La norma (articolo 119, comma 9, lett. b) del decreto legge n. 34 del 2020) stabilisce che sono destinatari del superbonus «le persone fisiche, al di fuori dell’esercizio di attività di impresa, arti e professioni». Nella circolare n. 24/E del 2020 è stato, in proposito, chiarito che con la locuzione «al di fuori dell’esercizio di attività di impresa, arti e professioni», il legislatore ha inteso stabilire che la fruizione del superbonus riguardi unità immobiliari (oggetto di interventi qualificati) non riconducibili ai cd. “beni relativi all’impresa” (articolo 65 del Tuir) o a quelli strumentali per l’esercizio di arti o professioni (articolo 54, comma 2, del Tuir). Una diversa lettura avrebbe comportato l’esclusione dal superbonus ai contribuenti intenzionati ad effettuare interventi su immobili appartenenti all’ambito “privatistico”, ad esempio sulle proprie abitazioni, per il solo fatto di svolgere una attività di impresa o di lavoro autonomo.
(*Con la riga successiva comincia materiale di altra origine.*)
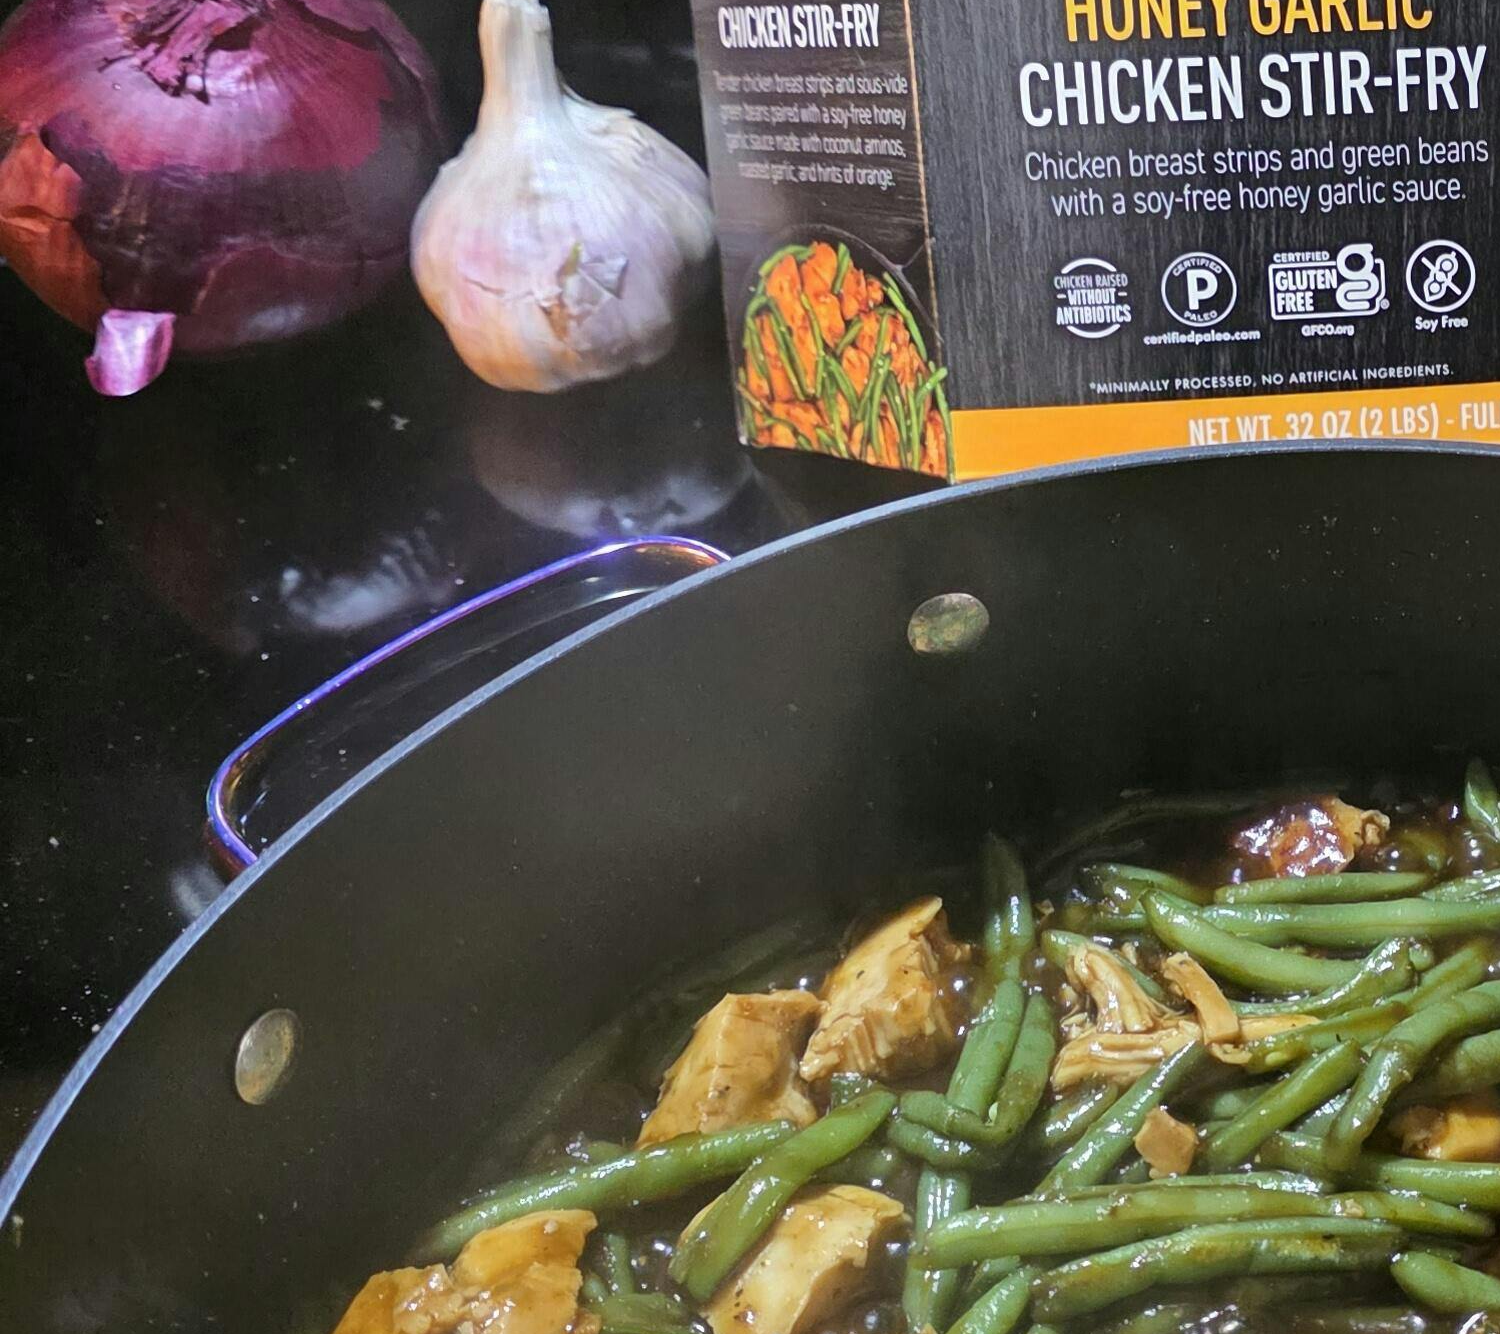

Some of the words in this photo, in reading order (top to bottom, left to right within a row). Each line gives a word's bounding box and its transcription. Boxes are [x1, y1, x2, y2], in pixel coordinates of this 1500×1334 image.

[718, 4, 793, 49] CHICKEN
[792, 3, 880, 48] STIR-FRY
[835, 75, 855, 94] and
[857, 73, 908, 95] sous-vide
[1019, 55, 1244, 127] CHICKEN
[1259, 44, 1487, 117] STIR-FRY
[822, 107, 830, 124] a
[831, 103, 872, 129] soy-free
[873, 104, 906, 130] honey
[1024, 151, 1120, 181] Chicken
[1129, 147, 1205, 177] breast
[1214, 143, 1282, 178] strips
[1290, 141, 1334, 169] and
[1343, 141, 1410, 175] green
[1419, 136, 1488, 164] beans
[1051, 187, 1103, 217] with
[1112, 193, 1126, 214] a
[1134, 183, 1231, 219] soy-free
[1239, 181, 1310, 214] honey
[1320, 177, 1386, 212] garlic
[1393, 175, 1466, 203] sauce.
[1172, 258, 1222, 277] CERTIFIED
[1273, 251, 1330, 263] CERTIFIED
[1054, 275, 1093, 289] CHICKEN
[1096, 274, 1128, 287] RAISED
[1186, 269, 1218, 310] P
[1275, 269, 1338, 291] GLUTEN
[1067, 289, 1116, 305] WITHOUT
[1277, 292, 1314, 313] FREE
[1056, 305, 1132, 325] ANTIBIOTICS
[1184, 310, 1217, 322] PALEO
[1415, 316, 1438, 333] Soy
[1442, 315, 1469, 328] Free
[1143, 329, 1261, 346] certifiedpaleo.com
[1301, 324, 1354, 337] GFCO.org
[1175, 374, 1257, 390] PROCESSED,
[1262, 373, 1284, 385] NO
[1289, 369, 1358, 384] ARTIFICIAL
[1363, 364, 1454, 379] INGREDIENTS.
[1188, 418, 1231, 447] NET
[1285, 411, 1315, 439] 32
[1322, 409, 1352, 439] OZ
[1359, 406, 1384, 438] (2
[1391, 402, 1440, 439] LBS)
Tale principio – che si concretizza nell’ammettere alle agevolazioni gli interventi realizzati su immobili “residenziali” – risulta, peraltro, coerente con il testo della norma che, nell’elencare al medesimo comma 9 dell’articolo 119 i soggetti beneficiari del superbonus, di fatto circoscrive l’agevolazione ai soli immobili residenziali.
Si pensi, ad esempio:
agli istituti autonomi case popolari (Iacp) comunque denominati nonché dagli enti aventi le stesse finalità sociali dei predetti istituti, istituiti nella forma di società che rispondono ai requisiti della legislazione europea in materia di «in house providing», la norma prevedere l’applicazione del superbonus per interventi realizzati su immobili, di loro proprietà ovvero gestiti per conto dei comuni, adibiti ad edilizia residenziale pubblica. Per questi soggetti la norma prevede che il superbonus spetti anche per le spese sostenute dal 1° gennaio 2022 al 30 giugno 2022;
alle cooperative di abitazione a proprietà indivisa, la norma prevedere l’applicazione del superbonus per interventi realizzati su immobili dalle stesse posseduti e assegnati in godimento ai propri soci.
L’applicazione di tale criterio “oggettivo” comporta, come logica conseguenza, l’esclusione dal superbonus degli immobili non residenziali anche se posseduti da soggetti che non svolgono attività di impresa, arti o professioni.